Accredited official statistics

Abstract of DWP benefit rate statistics 2023

Published 24 January 2024

Applies to England, Scotland and Wales

1. Summary

The Abstract of Department for Work and Pensions (DWP) benefit rates statistics is an annual publication produced by DWP. The purpose of the publication and data tables is to provide a reference source for people who are interested in:

  • benefit up-rating

  • the value of benefits compared to prices and earnings

The aim is to provide answers to questions like:

  • how does the value of state benefits compare to prices?

  • are state benefits worth more or less today than in previous years, in terms of average earnings?

2. Key findings

This report covers benefit up-rating up to April 2023.

At April 2023, most DWP benefit rates were raised in line with Consumer Prices Index (CPI) inflation growth as recorded at September 2022 which was 10.1%.

The government reinstated the earnings element of the Triple Lock in 2023. State Pension rates were uprated in line with CPI of 10.1% in April 2023, which was higher than average wage growth (5.5%).

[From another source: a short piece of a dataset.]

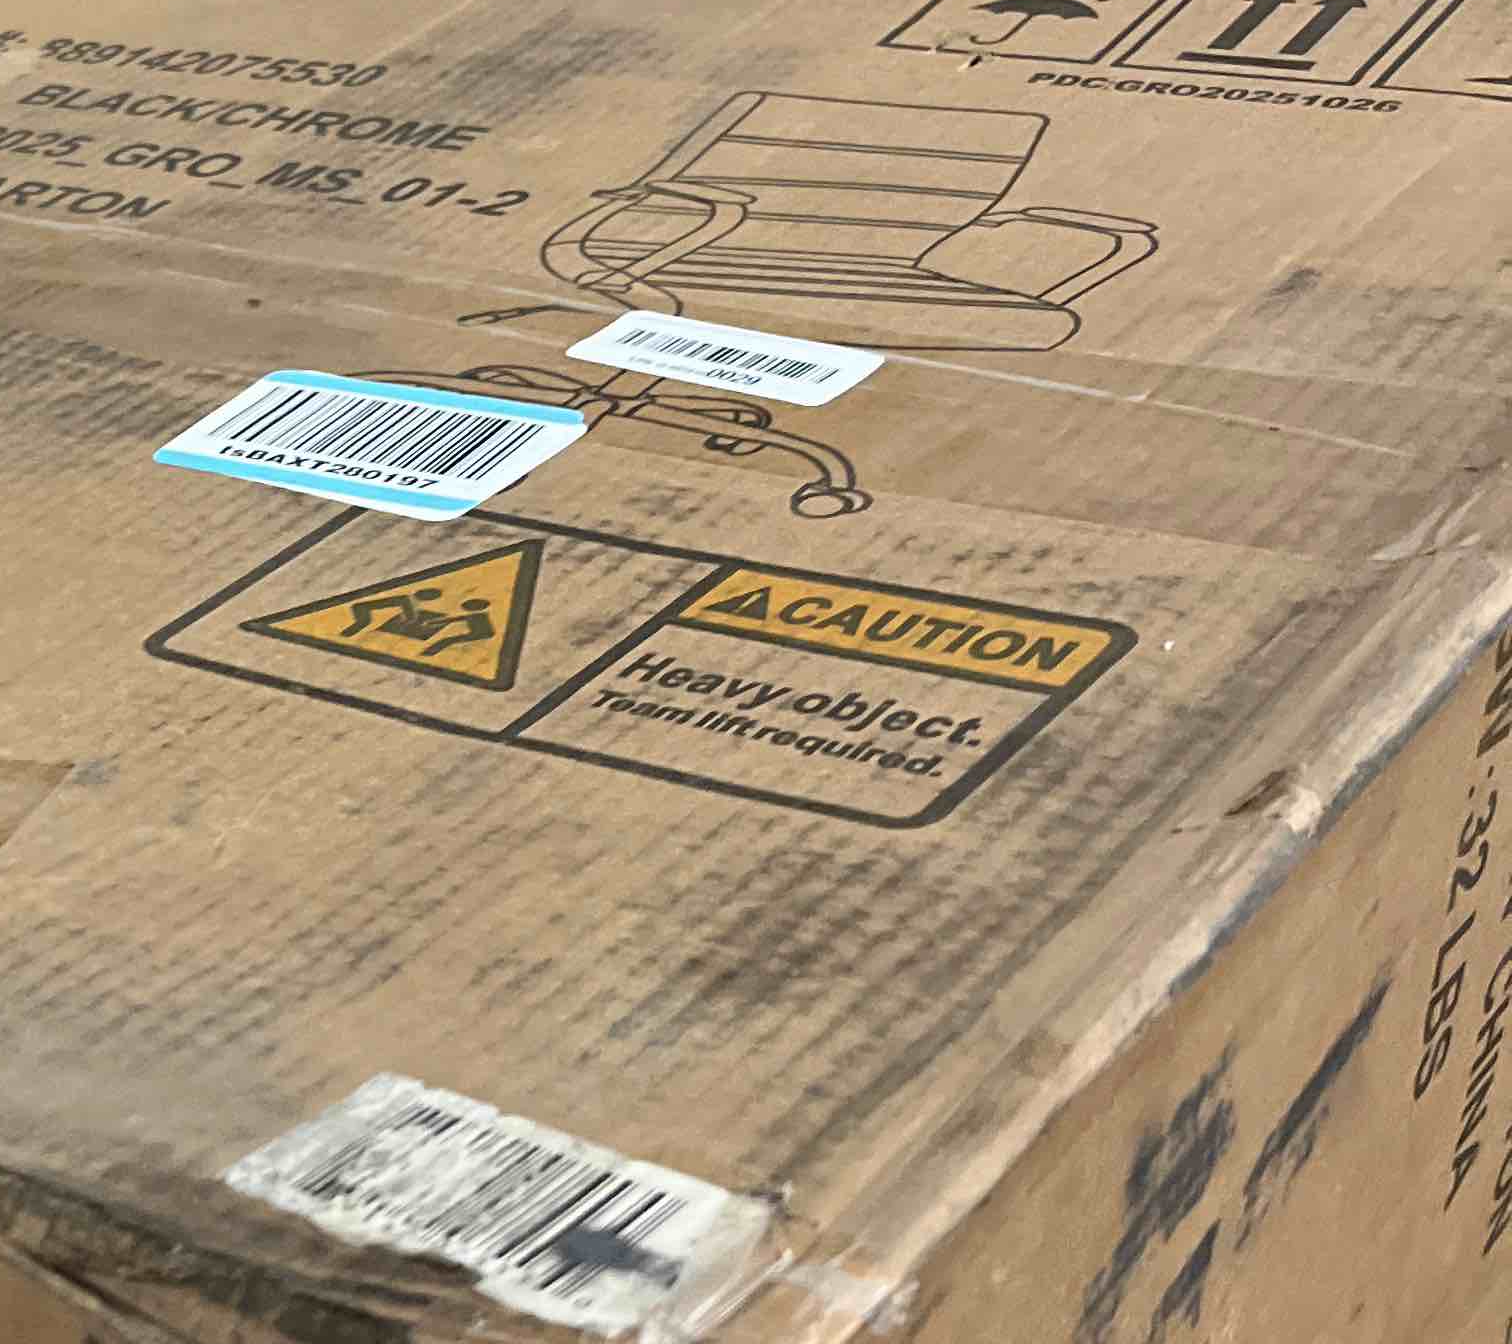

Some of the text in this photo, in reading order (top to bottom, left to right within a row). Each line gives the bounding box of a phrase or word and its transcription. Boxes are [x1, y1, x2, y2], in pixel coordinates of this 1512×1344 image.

While CPI inflation was still increasing in the period leading up to the 2023 up-rating, the rate of increase was relatively stable. In April 2023, CPI inflation was 8.7% (similar to April 2022, when CPI inflation was 9.0%).

3. Benefit up-rating

This section explains policy changes and highlights the factors involved in benefits up-rating from 1974 until 2023. Benefits have been uprated by a variety of methods during this period, including:

  • forecasts

  • indices of prices and earnings

  • one-off payments

  • targeting of particular components of a benefit

  • revisions to the eligibility rules governing the benefit

Price inflation and earnings growth indices in benefit up-rating since 1974

Over time, there have been various changes to the components of the indices that have been used to uprate benefits. The major changes have been:

In 1974 long-term benefits such as pensions and long-term sick and disabled benefits were linked to the higher of one of two annual increases, as measured by the Retail Prices Index (RPI) and the Average Earnings Index.

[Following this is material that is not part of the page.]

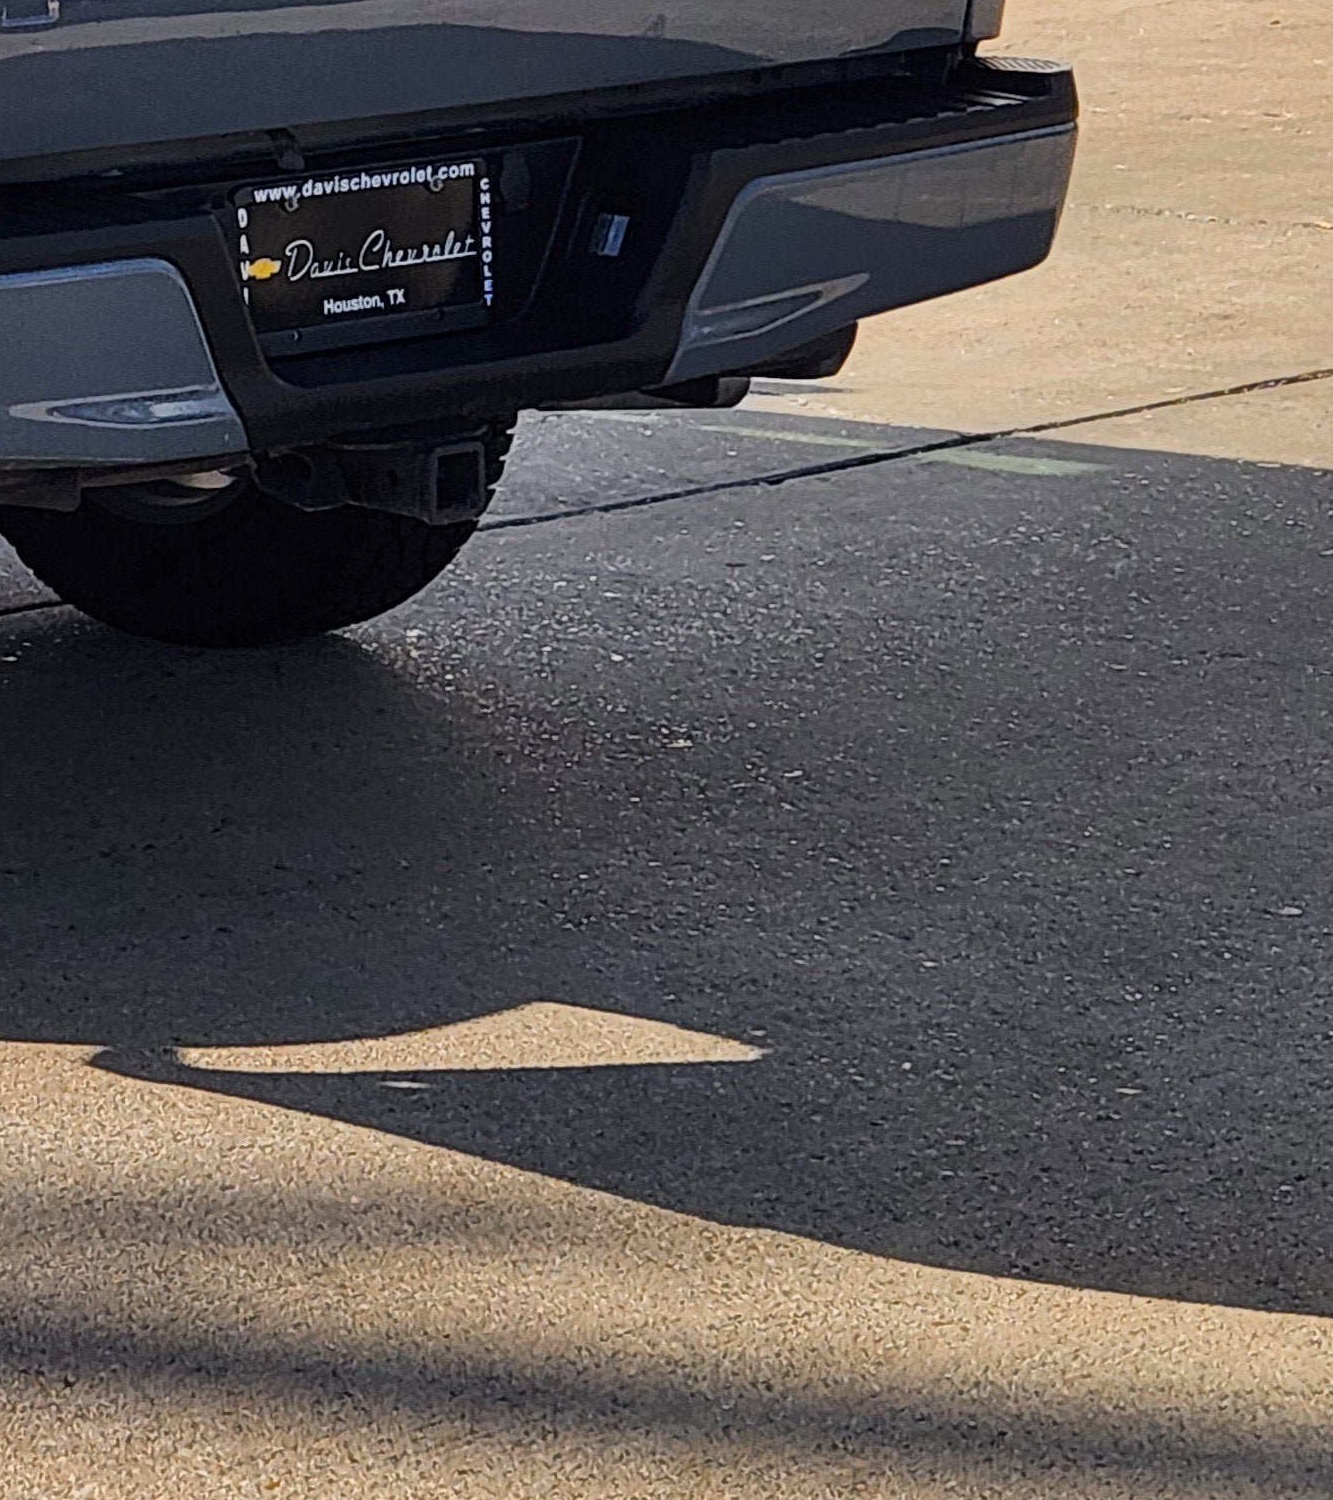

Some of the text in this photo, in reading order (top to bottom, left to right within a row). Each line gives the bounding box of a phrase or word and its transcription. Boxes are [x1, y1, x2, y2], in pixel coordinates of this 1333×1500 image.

In 1976 a forecast was used to estimate the movements in price inflation and earnings growth.

Long-term benefits were linked to the prices index only in 1979.

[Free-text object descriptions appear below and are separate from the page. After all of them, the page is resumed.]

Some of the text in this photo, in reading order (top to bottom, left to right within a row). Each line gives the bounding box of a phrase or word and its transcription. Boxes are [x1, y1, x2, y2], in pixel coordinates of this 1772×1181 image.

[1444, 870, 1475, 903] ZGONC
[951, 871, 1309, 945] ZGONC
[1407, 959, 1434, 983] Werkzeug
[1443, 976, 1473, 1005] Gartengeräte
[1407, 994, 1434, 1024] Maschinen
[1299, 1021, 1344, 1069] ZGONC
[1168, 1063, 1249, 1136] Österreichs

A historical basis was used to calculate the price increases in 1983. Rossi was introduced in 1983, calculated as RPI (all items) less housing costs, to uprate income-related benefits. The Rossi index was named after the government minister Sir Hugh Rossi.

In 1992 the definition of Rossi changed to New Rossi which is calculated as RPI (all items) less rent, local taxes and mortgage interest payments.

Between 1983 and 2010, benefits were uprated in relation to the RPI, Rossi or New Rossi. The actual increase in particular benefits depends on the index applied and on policy decisions as to the appropriate rate for the benefit.

In 2010 the Chancellor announced that from April 2011 most DWP administered benefits would be uprated in line with the Consumer Prices Index (CPI). Also, the government reiterated previous commitments to restore the link between earnings and the up-rating of the Basic State Pension. While most benefits were uprated in line with CPI in April 2011, Basic State Pension was exceptionally uprated in line with RPI. Please see the 2011 Benefit Uprating briefing report for more information.

The government introduced a ‘Triple Lock’ guarantee: that the Basic State Pension will increase by the highest of the growth in average earnings, price inflation or 2.5%. The earnings measure used by the Triple Lock calculation is Average Weekly Earnings (AWE).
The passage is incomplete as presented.